§ **PROBLEM STATEMENT**
The data below should be transcribed in full, with no picture included.

Collected data
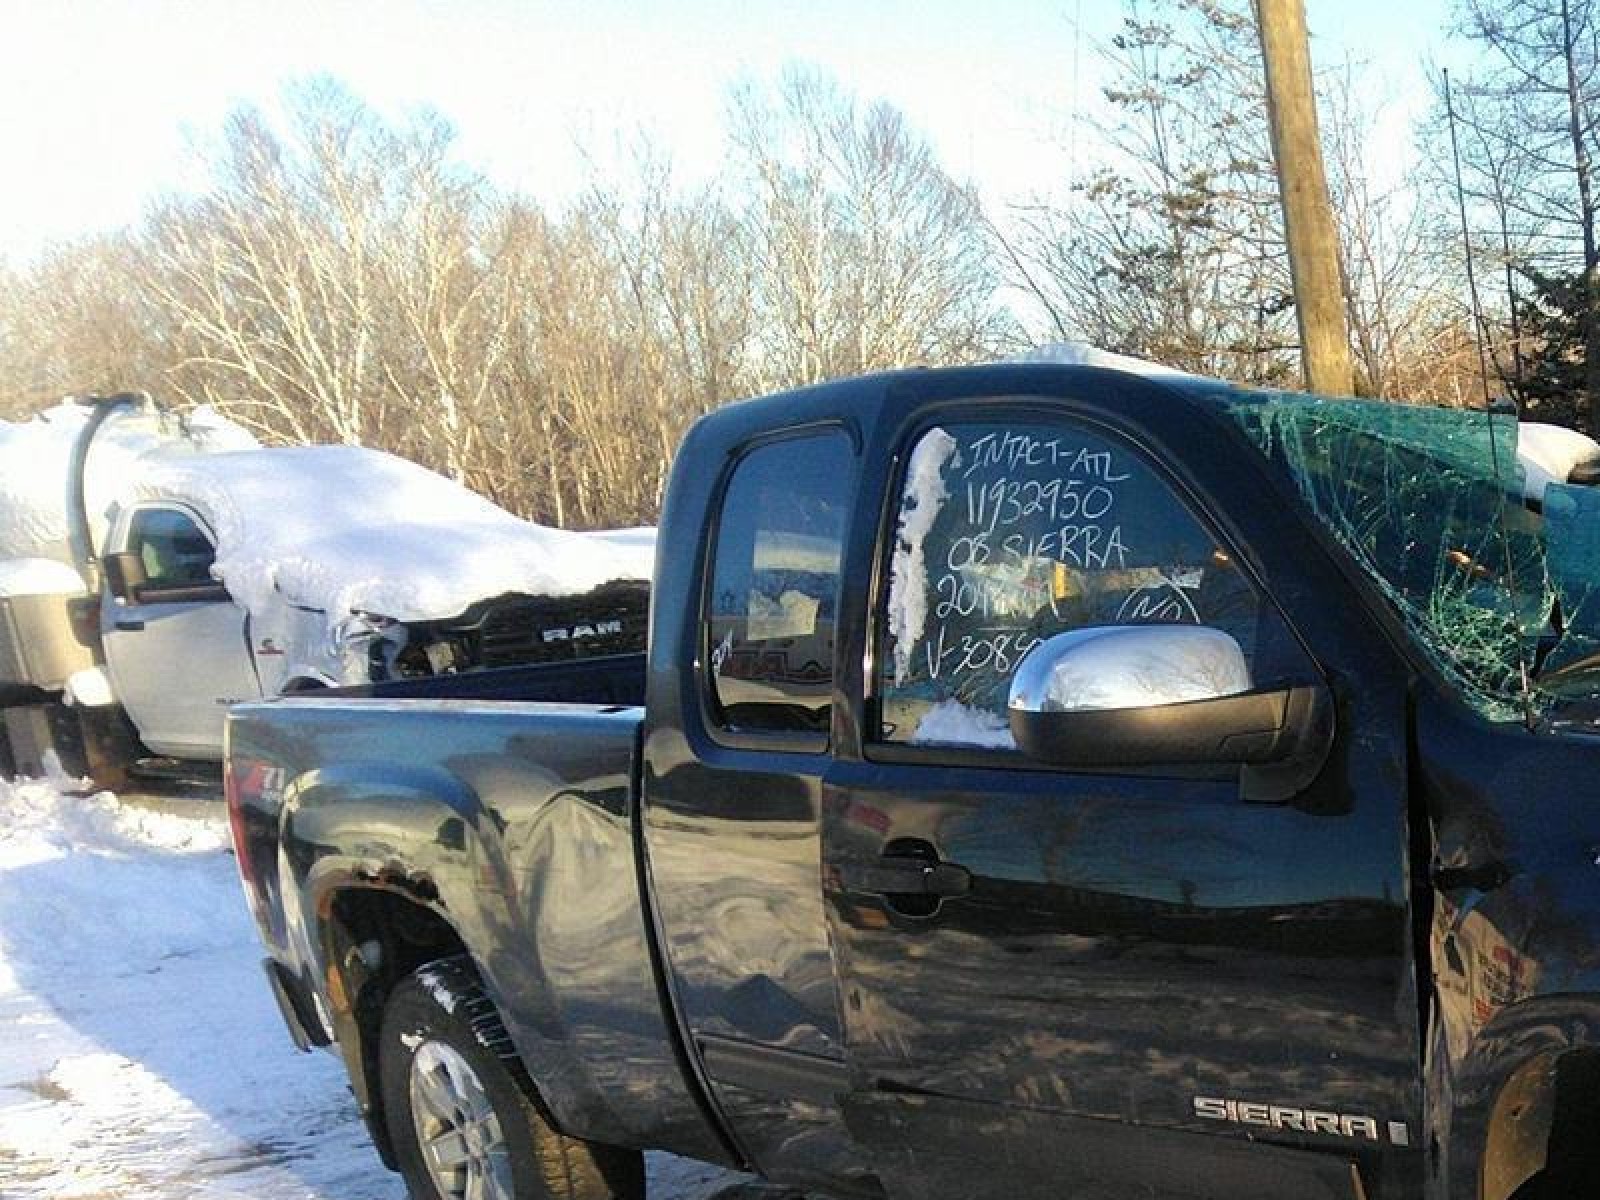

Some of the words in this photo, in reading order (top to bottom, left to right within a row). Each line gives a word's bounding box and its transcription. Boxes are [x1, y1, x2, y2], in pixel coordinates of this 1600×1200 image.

[967, 477, 1113, 534] 11932950
[1001, 524, 1130, 570] SIERRA
[543, 621, 621, 642] RAM
[1194, 1097, 1377, 1141] SIERRA

§ **RESPONSE TO THE EXERCISE**
Some of the words in this photo, in reading order (top to bottom, left to right within a row). Each line gives a word's bounding box and its transcription. Boxes are [x1, y1, x2, y2], in pixel coordinates of this 1600×1200 image.

[967, 477, 1113, 534] 11932950
[1001, 524, 1130, 570] SIERRA
[543, 621, 621, 642] RAM
[1194, 1097, 1377, 1141] SIERRA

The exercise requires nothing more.